Lawrence M. Krauss asks some very uncomfortable questions in his Scientific American column, War Is Peace: Can Science Fight Media Disinformation? (emphasis added):
When I saw the statement repeated online that theoretical physicist Stephen Hawking of the University of Cambridge would be dead by now if he lived in the U.K. and had to depend on the National Health Service (he, of course, is alive and working in the U.K., where he always has), I reflected on something I had written a dozen years ago, in one of my first published commentaries:
“The increasingly blatant nature of the nonsense uttered with impunity in public discourse is chilling. Our democratic society is imperiled as much by this as any other single threat, regardless of whether the origins of the nonsense are religious fanaticism, simple ignorance or personal gain.”
The rise of a ubiquitous Internet, along with 24-hour news channels has, in some sense, had the opposite effect from what many might have hoped such free and open access to information would have had. It has instead provided free and open access, without the traditional media filters, to a barrage of disinformation. Nonsense claims had more difficulty gaining traction in the days when print journalism held sway and newspaper editors had the final word on what made its way into homes and when television news consisted of a half-hour summary of what a trained producer thought were the most essential stories of the day.
Now fabrications about “death panels” and oxymoronic claims that ”government needs to keep its hands off of Medicare” flow freely on the Internet, driving thousands of zombielike protesters to Washington to argue that access to health care will undermine their fundamental freedom to have their insurance canceled if they get sick. And 24-hour news channels, desperate to provide ”breaking” coverage at all hours, end up serving as public relations vehicles for any celebrity who happens to make an outrageous claim or, worse, decide that the competition for ratings requires them to be anything but ”fair and balanced” in their reporting.

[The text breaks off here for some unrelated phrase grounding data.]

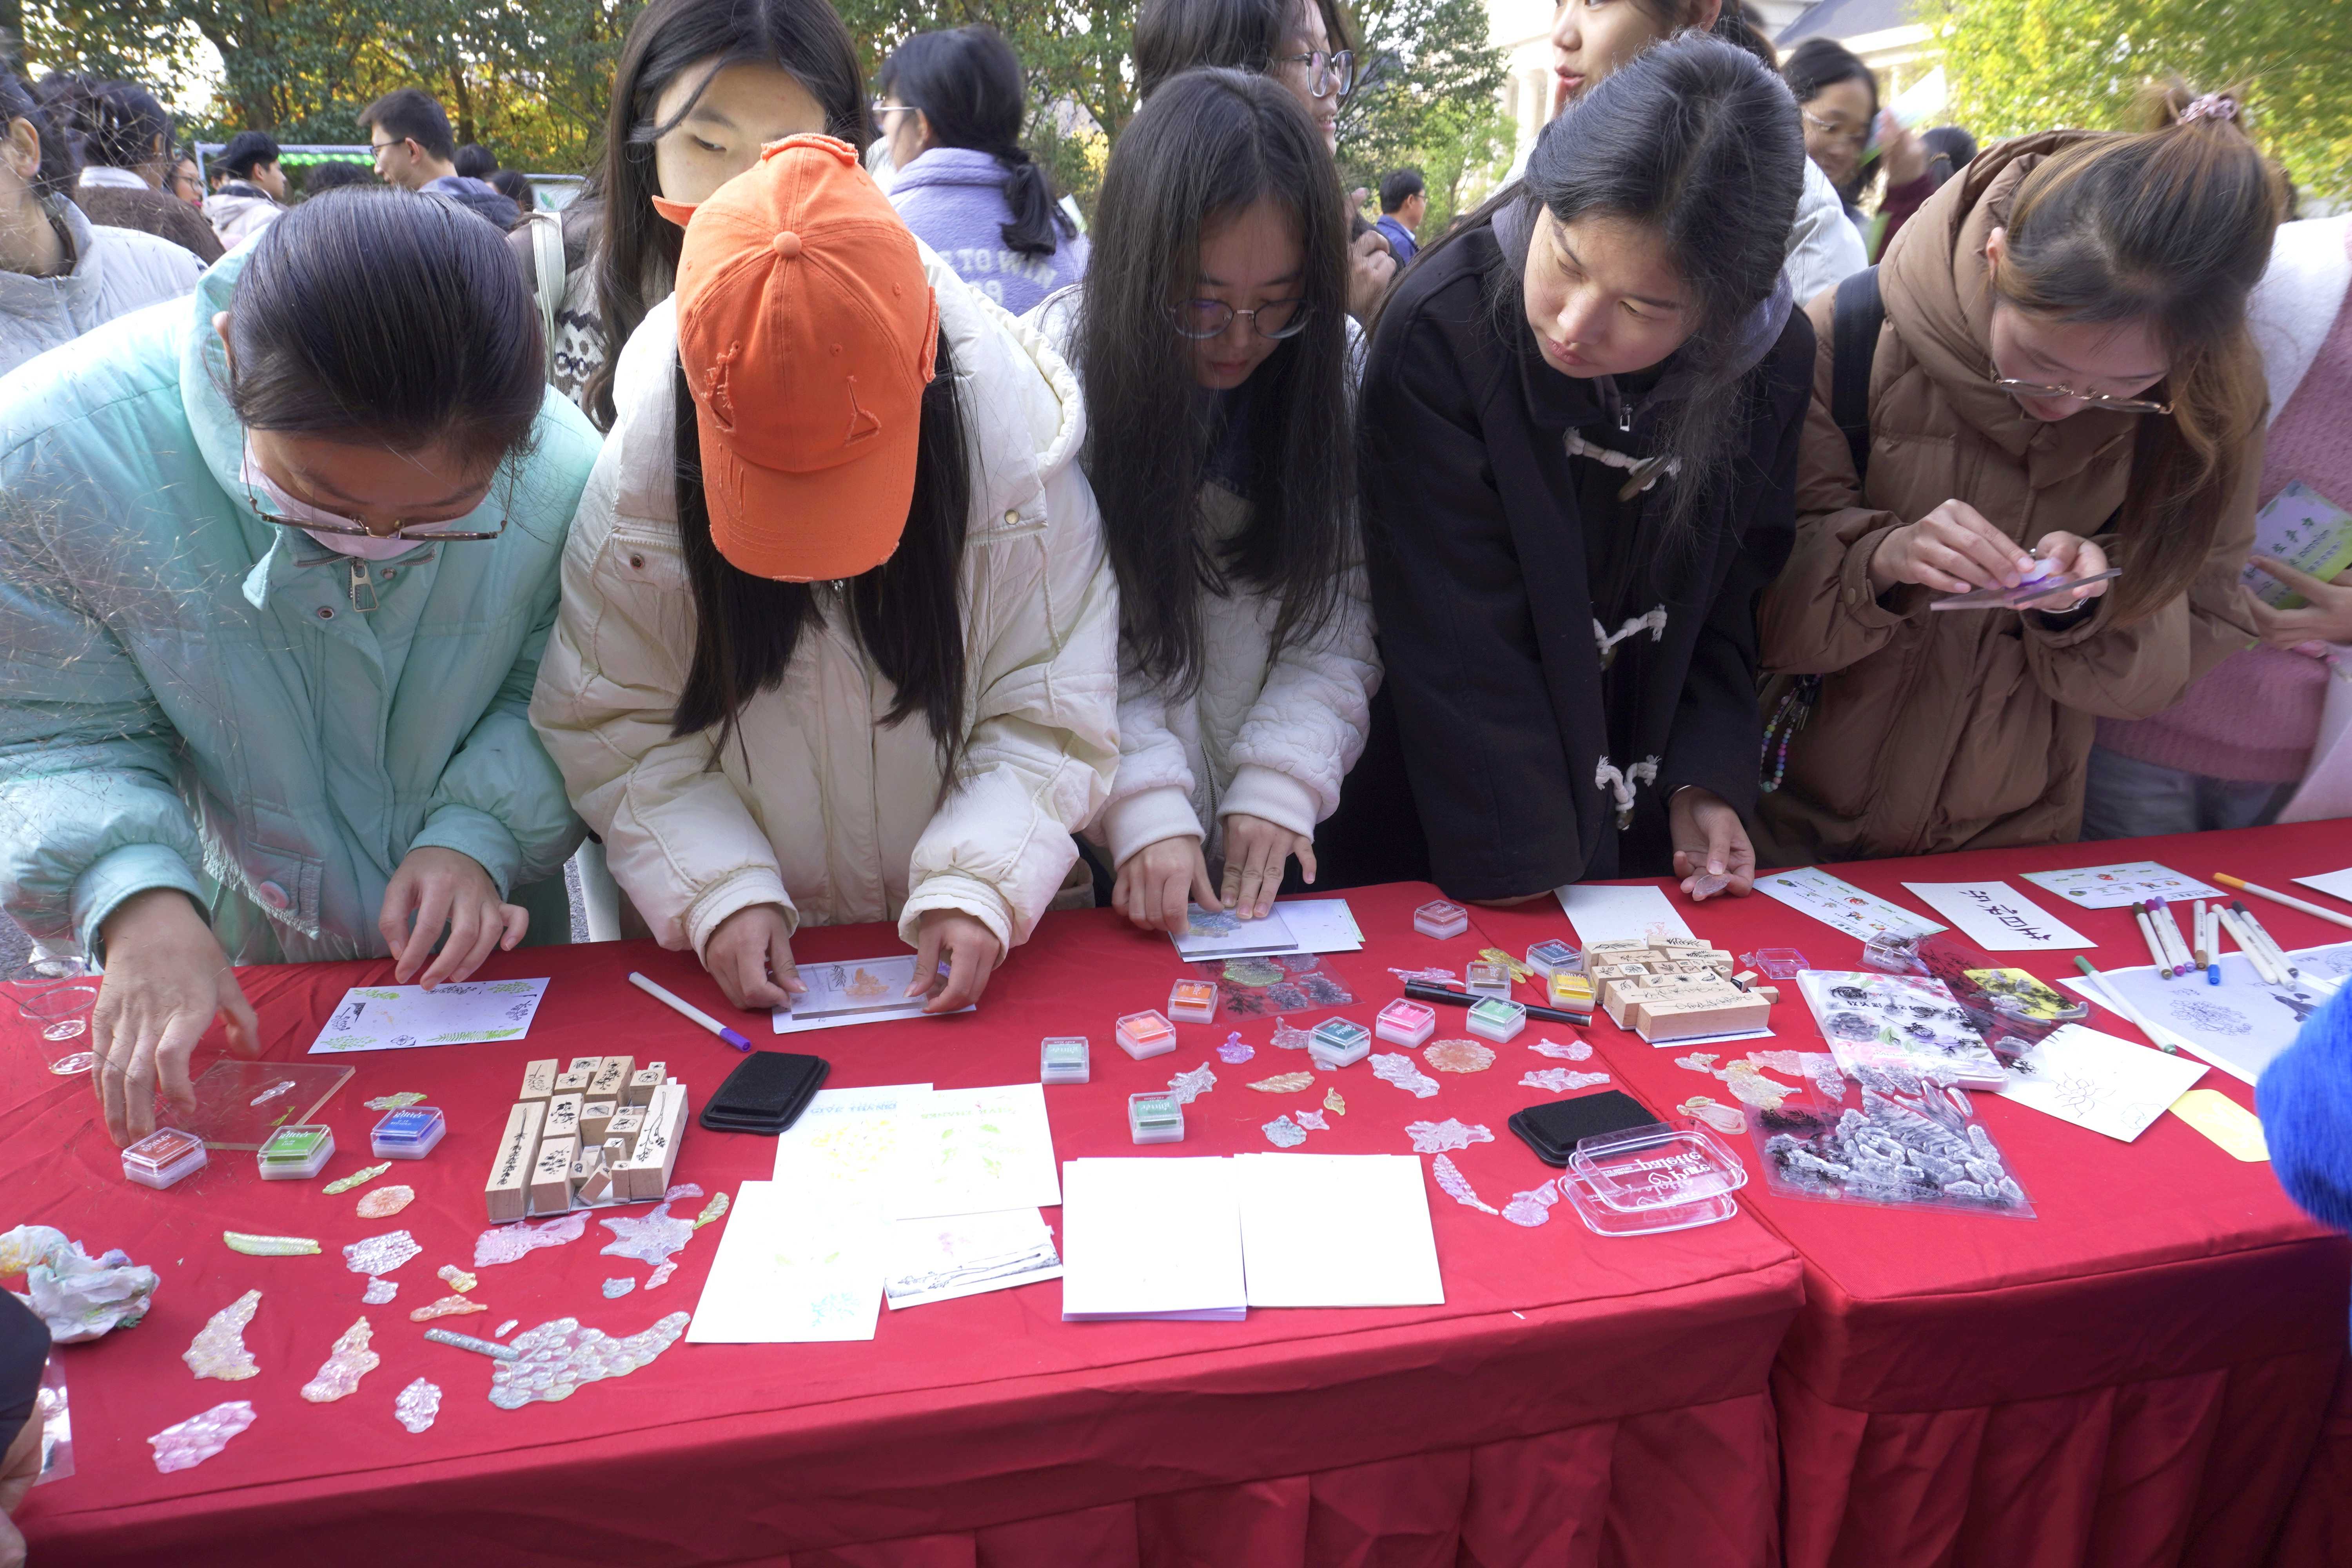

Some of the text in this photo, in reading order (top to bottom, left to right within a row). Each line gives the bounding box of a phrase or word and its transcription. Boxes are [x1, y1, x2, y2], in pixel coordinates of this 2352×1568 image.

[955, 248, 991, 272] TO
[998, 249, 1058, 289] WIN
[1958, 890, 2052, 941] 生日快乐
[392, 1109, 426, 1118] glitter
[142, 1133, 171, 1152] glitter
[278, 1130, 313, 1140] glitter

“Fair and balanced,” however, doesn’t mean putting all viewpoints, regardless of their underlying logic or validity, on an equal footing. Discerning the merits of competing claims is where the empirical basis of science should play a role. I cannot stress often enough that what science is all about is not proving things to be true but proving them to be false. What fails the test of empirical reality, as determined by observation and experiment, gets thrown out like yesterday’s newspaper. One doesn’t need to debate about whether the earth is flat or 6,000 years old. These claims can safely be discarded, and have been, by the scientific method.

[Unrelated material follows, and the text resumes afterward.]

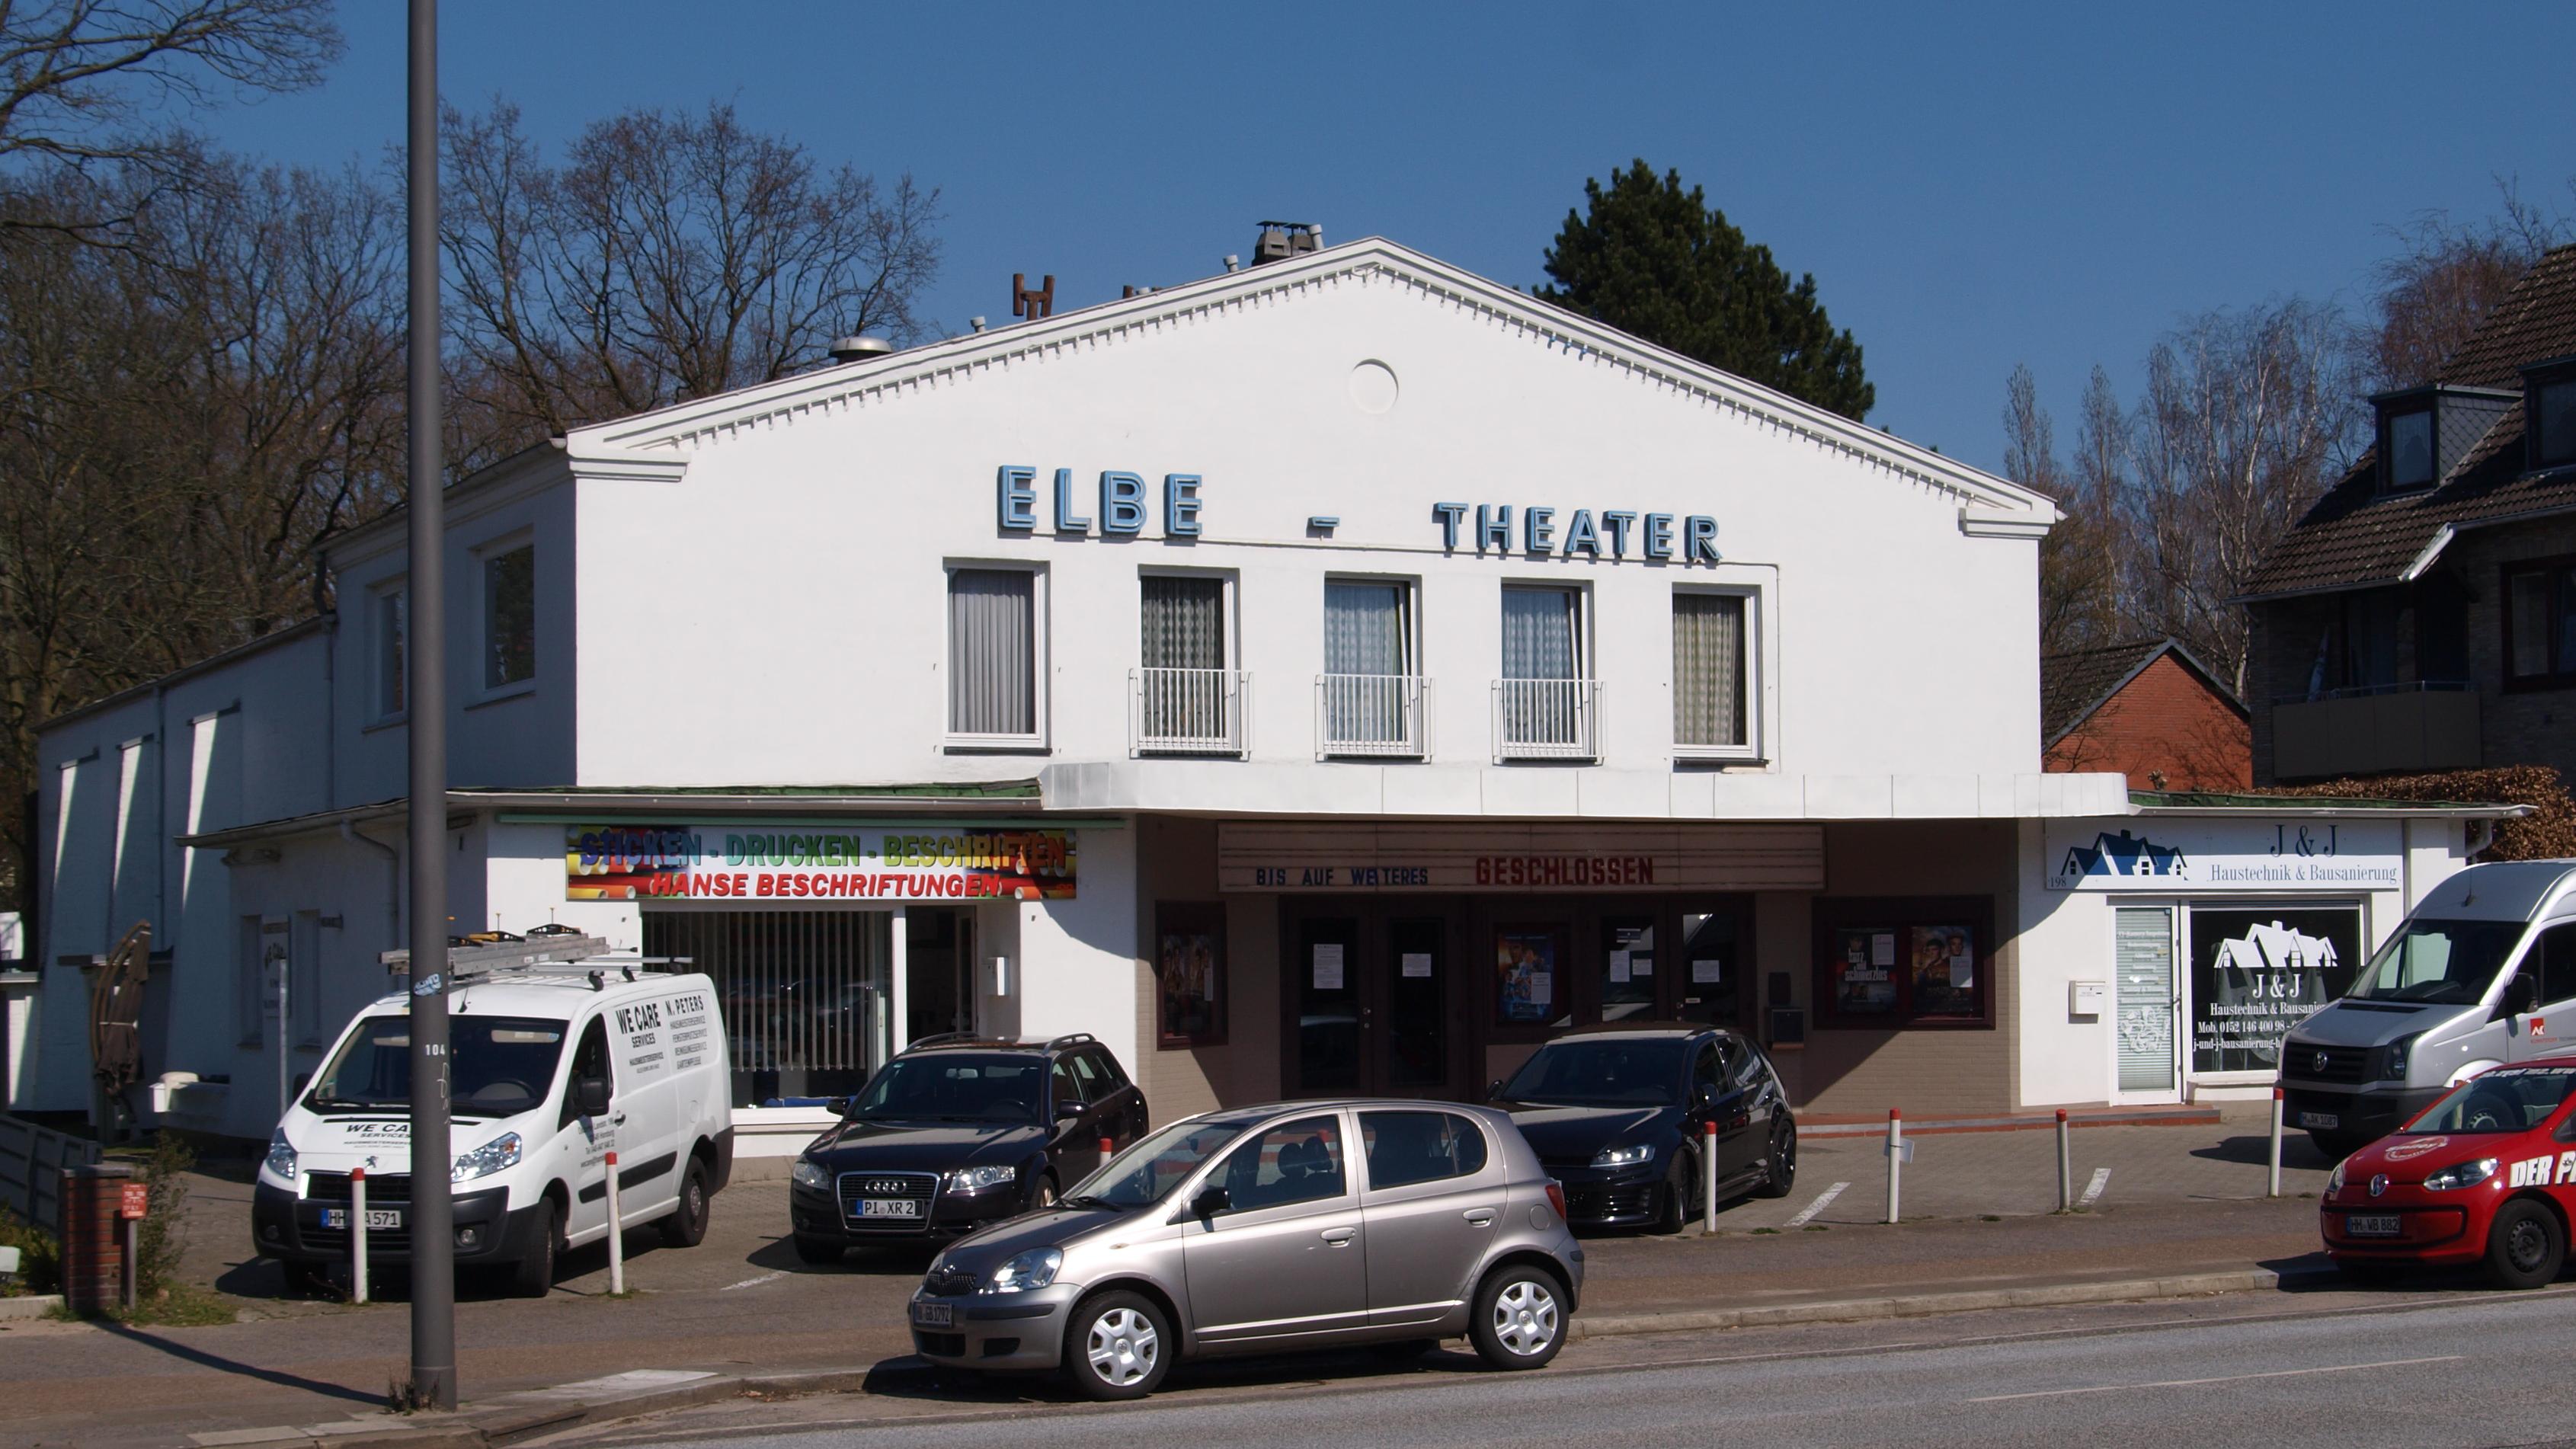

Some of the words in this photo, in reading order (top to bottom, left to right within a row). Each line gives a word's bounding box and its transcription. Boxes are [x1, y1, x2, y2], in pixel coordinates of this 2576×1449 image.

Obviously this applies equally well to the climate change mess. I’m sure many of you have as much trouble keeping yourself from screaming at the TV or radio or newspaper when accosted by yet another example of “faux balance”.
Whether it’s blogs, a.k.a. the Wild West of speech, or letters to the editor in a newspaper, where even the most obviously incorrect statement is left unchallenged by the people who decided to print it in that day’s edition. In more blunt terms, if the editors won’t edit, then what are they being paid for? Oh, I can hear the objections now–”You’re advocating censorship! If those letters agreed with your views, you’d love to see them published!”–and so on, ad inifinitum, ad nauseum, ad givemeafreakingbreakeum.
If you’re one of Those people, let me suggest a little mental experiment. You’re HIV positive, and so is everyone you care about, with a small portion of them already exhibiting signs of AIDS. In fact, every person currently alive or yet to be born is/will be HIV positive. We’re all literally in a race for your lives. We have to hope that some combination of science and public policy can find a way to not only cure that wretched disease but roll out the cure without wrecking the economies of entire countries.
It sure won’t be easy. Even in the best case the costs will be high, and therefore everyone will be impacted, and it will take an effort unprecedented in the history of public health to pull it off. Many poor countries won’t be able to afford even a relatively cheap cure, so the wealthier countries will be asked to contribute enough to close the gap.
Now, with this existential clock ticking in the back of all our minds, someone wants to keep telling the world via blogs and letters to newspapers that there is no HIV/AIDS connection, we should not spend a single cent on further research or public health efforts. These postings and letters are loaded with nonsense that’s been debunked endlessly, but the people pushing this particularly despicable world view are relentless. Would refusing to publish their letters in your local newspaper be “censorship”, or would it be an act of common sense and even, if I may be so left-wingy-warm-and-cuddly for a moment, decency?
Yes, I know, this is not a perfect analogy for our situation. We’re not searching for a single silver bullet solution for our interlocked climate and energy messes. We already have nearly all the solutions we need (much cheaper EV batteries would be a nice addition to our tool box, as would workable CCS (carbon capture and sequestration), not that I think the latter will ever appear). And I suspect that rolling out our multiple climates solutions will be a lot tougher than issuing a bottle of pills or set of injections to every person on the planet, even without taking into account the infection of political stupidity some countries (like the US, China, and India) are exhibiting.
But as analogies go, it’s close enough, and just as senseless and infuriating as our real-world mess.